In der UN sind Kurzzeitbeschäftigungen beschränkt. Aber es gibt andere Organisationen, die so etwas anbieten: die EU und NGOs. Auch das ZIF in Berlin sucht oft berufserfahrende Fachkräfte für kurzzeitige Engagements im Ausland wie Wahlbeobachtung, und zunehmend auch Bundesministerien, die um den Nachwuchs kämpfen müssen.
Welche Profile werden gesucht? Welche Voraussetzungen müssen Bewerber*innen für eine Stelle in einer Internationalen Organisation mitbringen?
Zurzeit stehen die fachlichen Themen Klimawandel, Umweltthemen, Friedenssicherung, Menschenrechte, Humanitäre Hilfe, Migration und Flucht und genderpolitische Themen im Fokus. Und alles, was mit der Umsetzung der Sustainable Development Goals zu tun hat. Entsprechende fachliche Profile werden gesucht: Politolog*innen, Jurist*innen mit bestimmten Spezialausrichtungen, Umweltökonom*innen, Profile, die mit umwelttechnischen Themen zu tun haben. Fortbildungen in diesen Bereichen sind sicher hilfreich.
Auch Studienabschlüsse in International Affairs, International development usw. sind sehr gefragt. Generell gilt: für die höheren Positionen brauchen Sie auf jeden Fall einen Masterabschluss und dann je nach Einstiegslevel, die entsprechende Berufserfahrung.
Vorerfahrung in einer IO ist kein Muss, aber internationale Erfahrung und multilaterale Erfahrungen sollten vorliegen, sonst wird es schwer, den Einstieg zu finden. Sehr gutes Englisch, natürlich auch in schriftlicher Form, ist obligatorisch. Hilfreich ist, wenn man darüber hinaus noch eine weitere UN-Sprache sehr gut beherrscht.
Wie sind die Rückmeldungen von Personen, die sie unterstützt haben?
Wir haben aus dem JPO Programm und auch aus der freien Beratung noch viele Kontakte zu Menschen, die in IOs arbeiten. Im JPO Programm liegt die Übernahmequote je nach Organisation zwischen 70 und 80 Prozent. Dennoch gibt es gemischte Rückmeldungen. Es gibt Personen nach drei bis vier Jahren sagen „Das ist doch nicht so mein Ding“. Vor allen Dingen, dass man sich immer wieder um eine neue Stelle bemühen muss, ist für einige schwierig.

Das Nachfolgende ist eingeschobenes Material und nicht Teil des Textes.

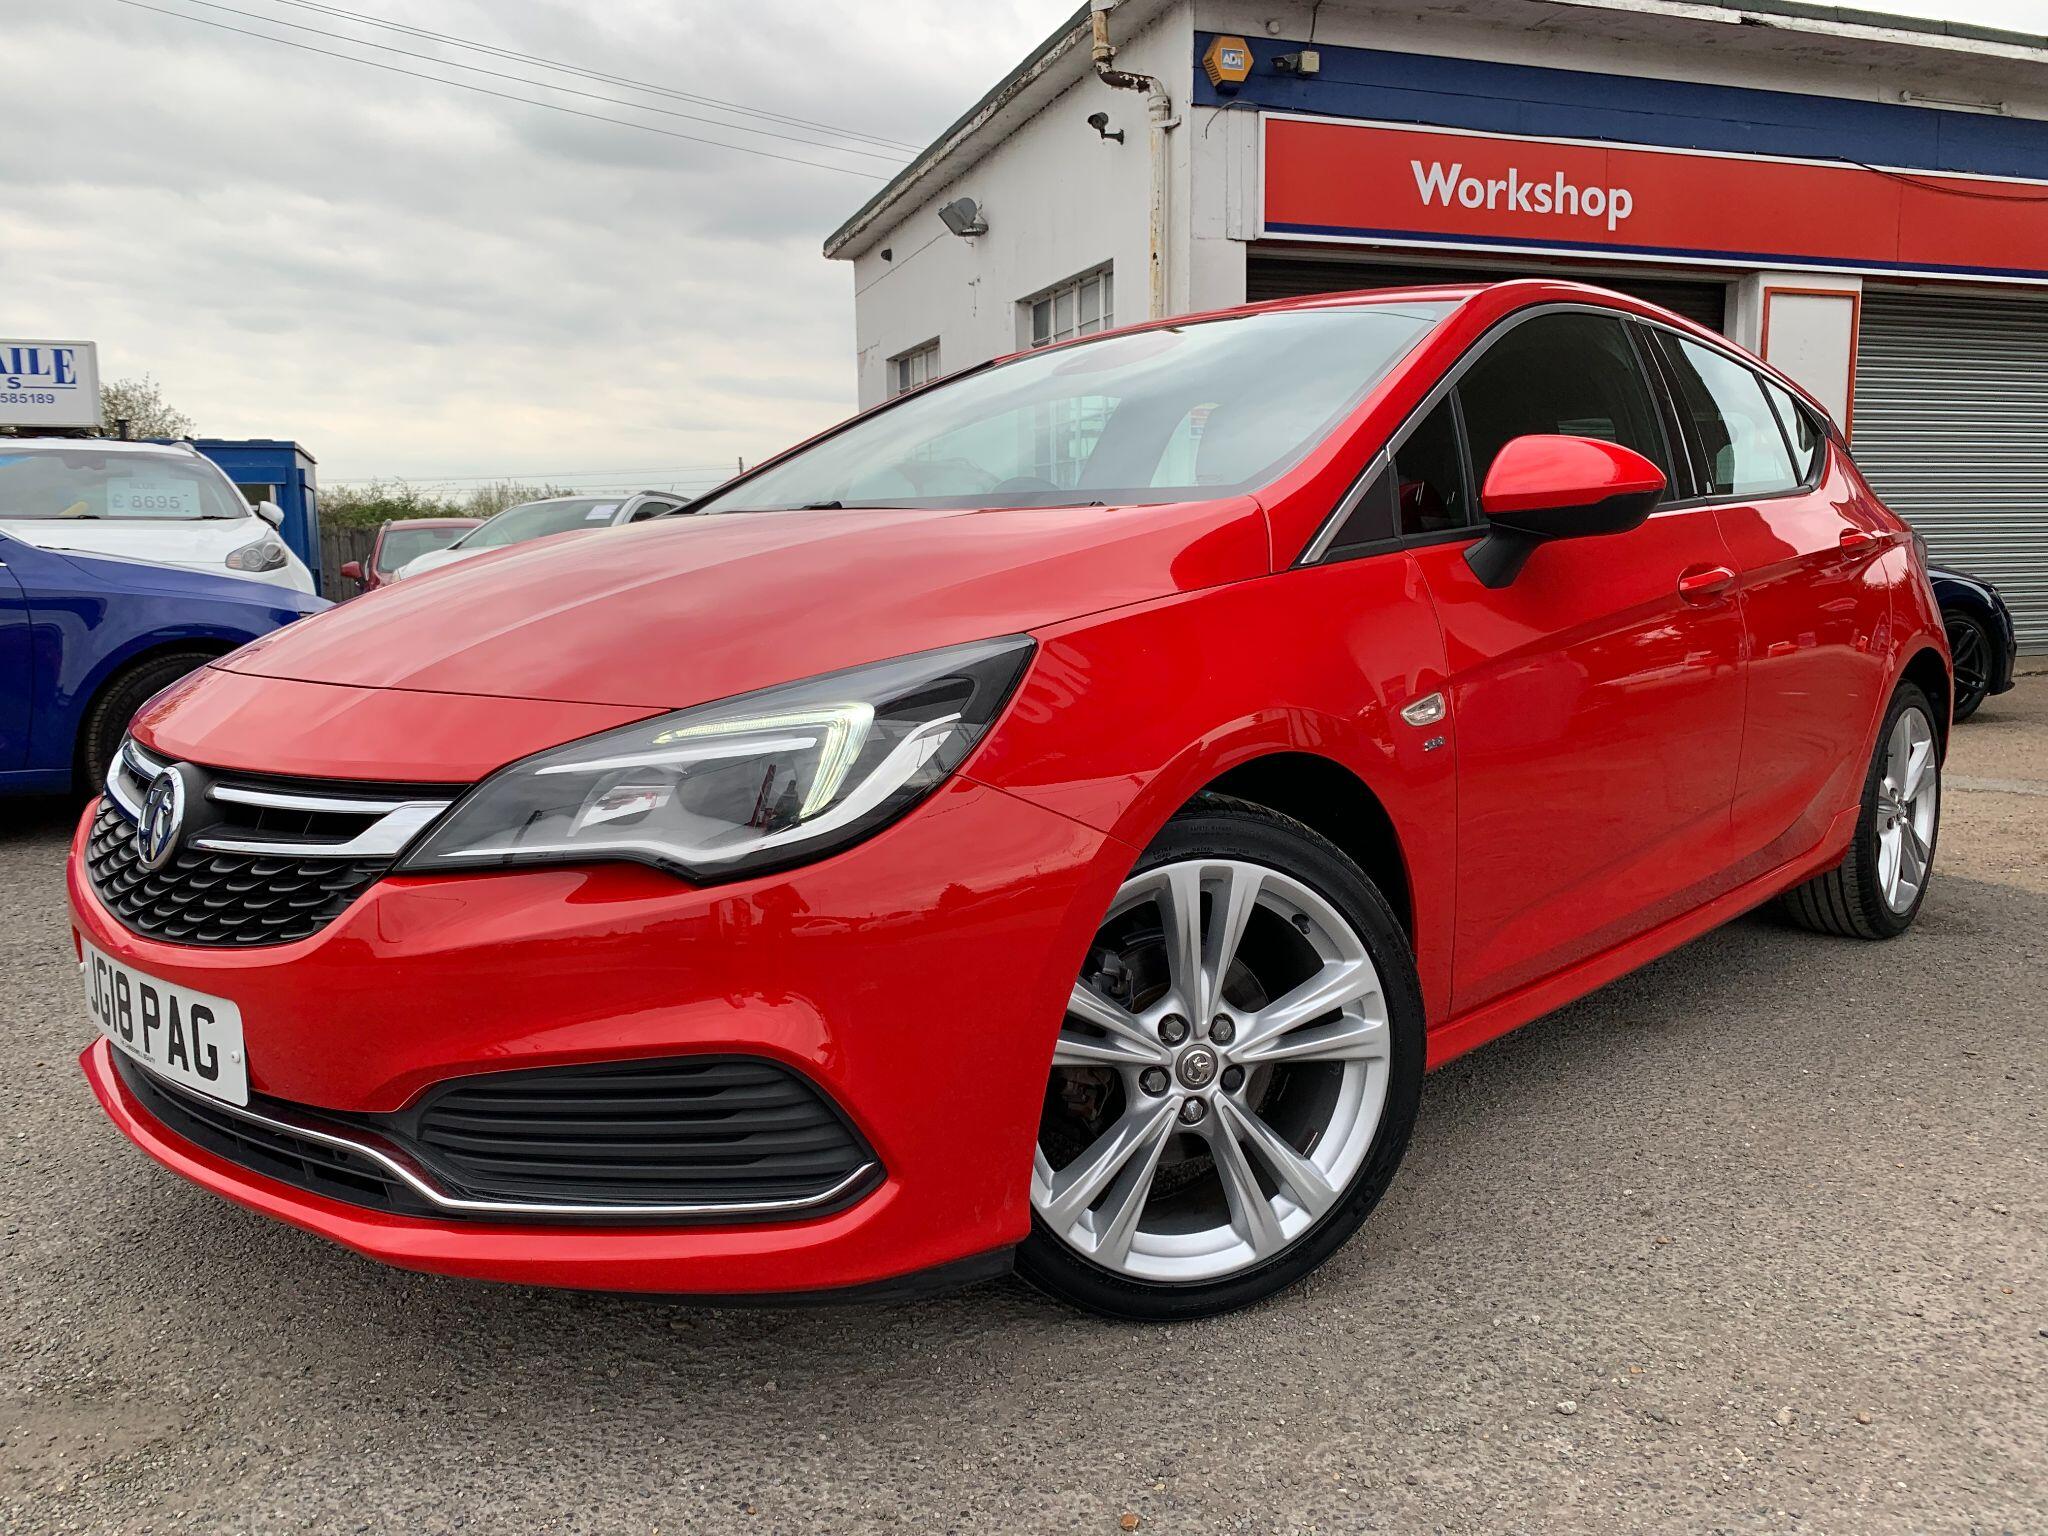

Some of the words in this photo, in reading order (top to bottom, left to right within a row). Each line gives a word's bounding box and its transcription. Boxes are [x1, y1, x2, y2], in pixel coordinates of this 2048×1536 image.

[1410, 160, 1634, 232] Workshop
[0, 347, 77, 385] ILE
[0, 393, 56, 404] 585189
[131, 495, 180, 509] 8695
[90, 950, 134, 1044] JG18
[139, 982, 219, 1082] PAG

Diese Personen scheiden manchmal aus oder nehmen eine Beschäftigung auf dem deutschen Markt an, in der sie durchaus noch international tätig sind. Von vielen kriegen wir auch begeistere Rückmeldungen, die sagen „Das hat mein Leben verändert, das war genau das, was ich wollte.“ Das sind meist die Personen, die sich vorher schon klargemacht haben, was sie wirklich wollen. Manchmal steht auch am Ende eines Beratungsgesprächs der Entschluss, dass es nicht das Richtige ist.
Es gibt Punkte, die man nur selbst klären kann: Wie sieht mein Leben aus? Wie kann ich einen solchen Job mit meiner Familie vereinbaren? Vereinbarkeit von Familie und Beruf ist im UN System nicht ganz einfach.

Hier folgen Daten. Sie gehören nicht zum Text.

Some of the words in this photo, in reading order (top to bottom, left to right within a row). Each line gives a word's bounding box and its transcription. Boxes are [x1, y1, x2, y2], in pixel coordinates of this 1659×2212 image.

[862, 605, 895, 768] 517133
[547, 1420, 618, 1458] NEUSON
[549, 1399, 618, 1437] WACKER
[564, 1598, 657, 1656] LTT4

Diese Fragen fließen in unsere Beratung mit ein, ich persönlich finde das sehr spannend, allerdings sind das eben ganz individuelle Prozesse, die man nur selber entscheiden kann.
Als Referentin für das AGdD-Seminar „Bewerben bei Internationalen Organisationen“ haben Sie zurückgekehrte Fachkräfte aus dem Entwicklungsdienst kennengelernt. Wie schätzen Sie die Chancen auf eine erfolgreiche Bewerbung für Fachkräfte mit diesem Hintergrund ein?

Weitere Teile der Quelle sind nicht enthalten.